▶ [Problem requirements]
Leave the pictures out and repeat the rest of the data below exactly.
[Exercise materials — start]
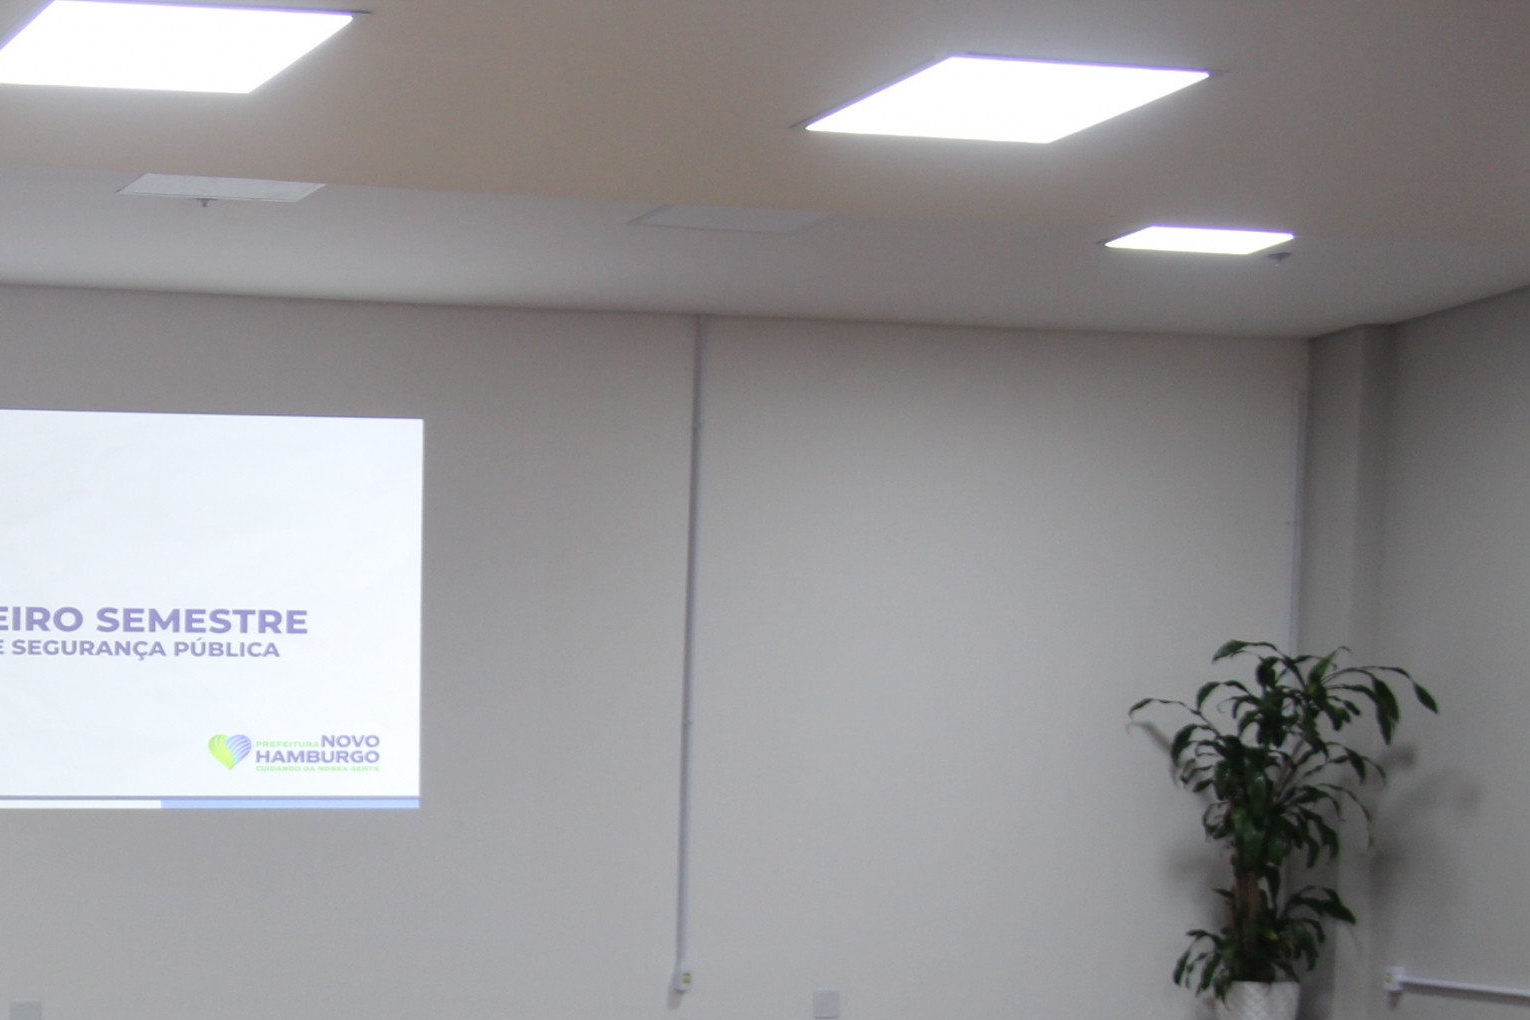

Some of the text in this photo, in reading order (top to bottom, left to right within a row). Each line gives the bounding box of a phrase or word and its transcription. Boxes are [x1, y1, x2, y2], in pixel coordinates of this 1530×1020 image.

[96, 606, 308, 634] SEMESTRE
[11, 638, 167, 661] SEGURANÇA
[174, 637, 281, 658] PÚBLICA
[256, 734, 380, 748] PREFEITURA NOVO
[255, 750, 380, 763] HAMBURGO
[Exercise materials — finish]
▶ [Task output]
Some of the text in this photo, in reading order (top to bottom, left to right within a row). Each line gives the bounding box of a phrase or word and its transcription. Boxes are [x1, y1, x2, y2], in pixel coordinates of this 1530×1020 image.

[96, 606, 308, 634] SEMESTRE
[11, 638, 167, 661] SEGURANÇA
[174, 637, 281, 658] PÚBLICA
[256, 734, 380, 748] PREFEITURA NOVO
[255, 750, 380, 763] HAMBURGO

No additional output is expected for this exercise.